- WHAT YOU NEED TO DO -
The result should be a word-for-word retyping of the entries below, free of pictures.

[DATASET]

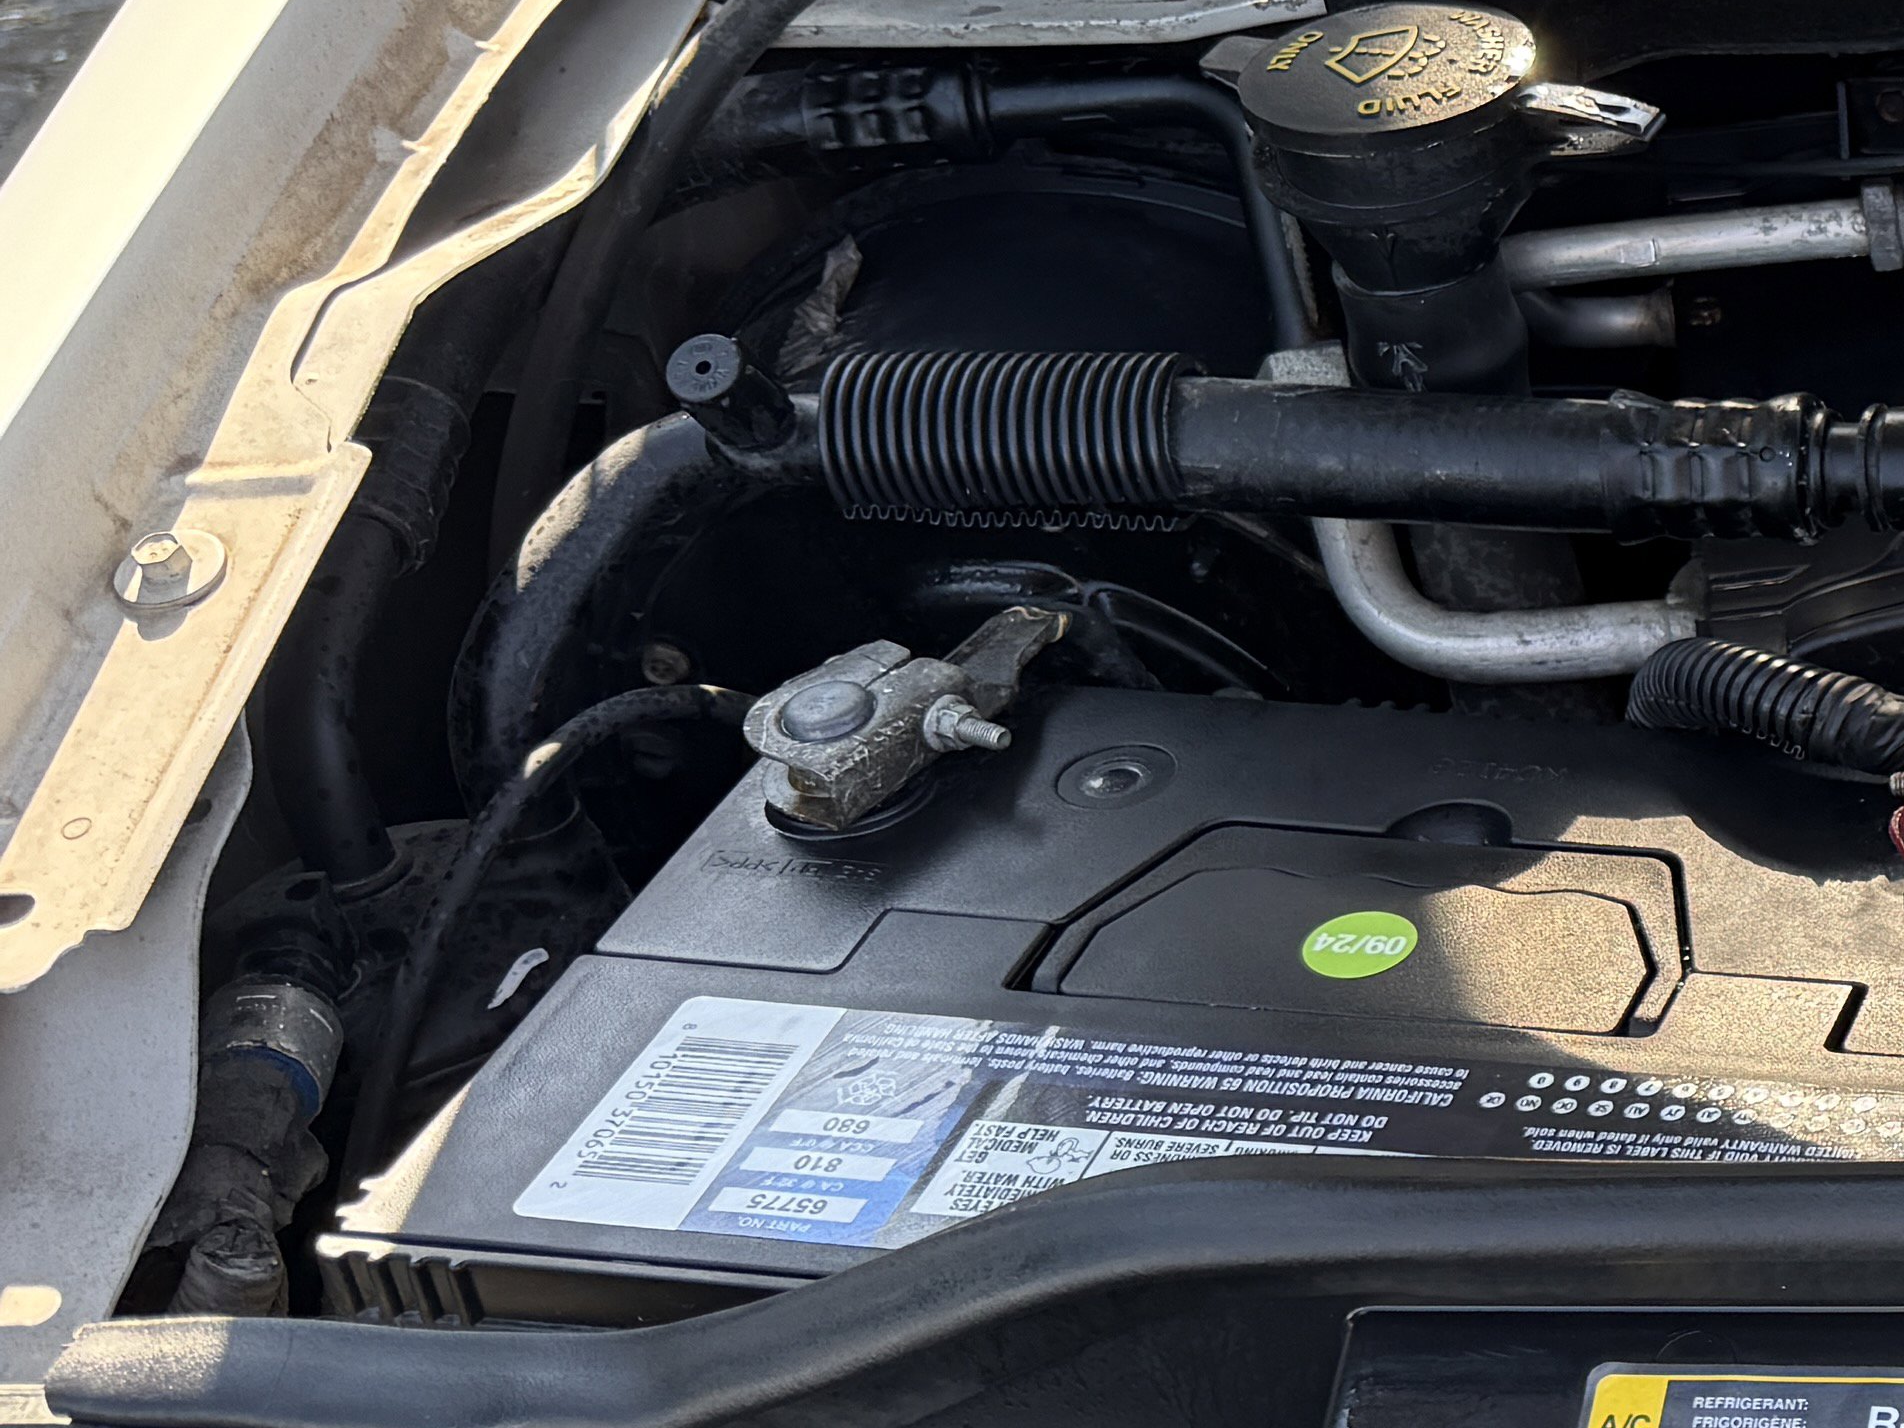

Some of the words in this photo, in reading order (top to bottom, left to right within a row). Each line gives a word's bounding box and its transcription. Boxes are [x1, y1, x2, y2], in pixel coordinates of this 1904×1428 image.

[1450, 11, 1505, 73] WASHER
[1267, 31, 1323, 71] ONLY
[1357, 84, 1460, 115] FLUID
[1312, 933, 1408, 955] 09/24
[626, 1054, 676, 1102] 10150
[1136, 1070, 1219, 1090] WARNING:
[1218, 1076, 1243, 1091] 65
[1241, 1078, 1356, 1099] PROPOSITION
[1354, 1085, 1454, 1107] CALIFORNIA
[1087, 1094, 1168, 1113] BATTERY.
[1165, 1101, 1216, 1117] OPEN
[1084, 1109, 1174, 1129] CHILDREN.
[1214, 1105, 1255, 1120] NOT
[1254, 1107, 1284, 1121] DO
[1288, 1109, 1319, 1124] TIP.
[1319, 1112, 1360, 1127] NOT
[821, 1116, 871, 1135] 680
[1172, 1116, 1200, 1131] OF
[1199, 1118, 1262, 1135] REACH
[1359, 1114, 1389, 1129] DO
[577, 1106, 633, 1161] 37065
[972, 1122, 1017, 1139] FAST.
[1015, 1126, 1061, 1143] HELP
[1259, 1123, 1287, 1137] OF
[1286, 1124, 1326, 1140] OUT
[1325, 1127, 1373, 1143] KEEP
[966, 1136, 1040, 1155] MEDICAL
[1114, 1136, 1166, 1151] BURNS.
[1164, 1140, 1220, 1155] SEVERE
[1532, 1139, 1603, 1155] REMOVED.
[1605, 1143, 1623, 1156] IS
[1625, 1144, 1669, 1158] LABEL
[952, 1148, 990, 1165] GET
[1670, 1146, 1704, 1160] THIS
[792, 1154, 844, 1173] 810
[961, 1169, 1020, 1187] WATER.
[745, 1192, 829, 1215] 65775
[738, 1216, 767, 1229] NO.
[767, 1219, 812, 1233] PART
[1691, 1395, 1809, 1411] REFRIGERANT:

[/DATASET]

- ANSWER SECTION -
Some of the words in this photo, in reading order (top to bottom, left to right within a row). Each line gives a word's bounding box and its transcription. Boxes are [x1, y1, x2, y2], in pixel coordinates of this 1904×1428 image.

[1450, 11, 1505, 73] WASHER
[1267, 31, 1323, 71] ONLY
[1357, 84, 1460, 115] FLUID
[1312, 933, 1408, 955] 09/24
[626, 1054, 676, 1102] 10150
[1136, 1070, 1219, 1090] WARNING:
[1218, 1076, 1243, 1091] 65
[1241, 1078, 1356, 1099] PROPOSITION
[1354, 1085, 1454, 1107] CALIFORNIA
[1087, 1094, 1168, 1113] BATTERY.
[1165, 1101, 1216, 1117] OPEN
[1084, 1109, 1174, 1129] CHILDREN.
[1214, 1105, 1255, 1120] NOT
[1254, 1107, 1284, 1121] DO
[1288, 1109, 1319, 1124] TIP.
[1319, 1112, 1360, 1127] NOT
[821, 1116, 871, 1135] 680
[1172, 1116, 1200, 1131] OF
[1199, 1118, 1262, 1135] REACH
[1359, 1114, 1389, 1129] DO
[577, 1106, 633, 1161] 37065
[972, 1122, 1017, 1139] FAST.
[1015, 1126, 1061, 1143] HELP
[1259, 1123, 1287, 1137] OF
[1286, 1124, 1326, 1140] OUT
[1325, 1127, 1373, 1143] KEEP
[966, 1136, 1040, 1155] MEDICAL
[1114, 1136, 1166, 1151] BURNS.
[1164, 1140, 1220, 1155] SEVERE
[1532, 1139, 1603, 1155] REMOVED.
[1605, 1143, 1623, 1156] IS
[1625, 1144, 1669, 1158] LABEL
[952, 1148, 990, 1165] GET
[1670, 1146, 1704, 1160] THIS
[792, 1154, 844, 1173] 810
[961, 1169, 1020, 1187] WATER.
[745, 1192, 829, 1215] 65775
[738, 1216, 767, 1229] NO.
[767, 1219, 812, 1233] PART
[1691, 1395, 1809, 1411] REFRIGERANT:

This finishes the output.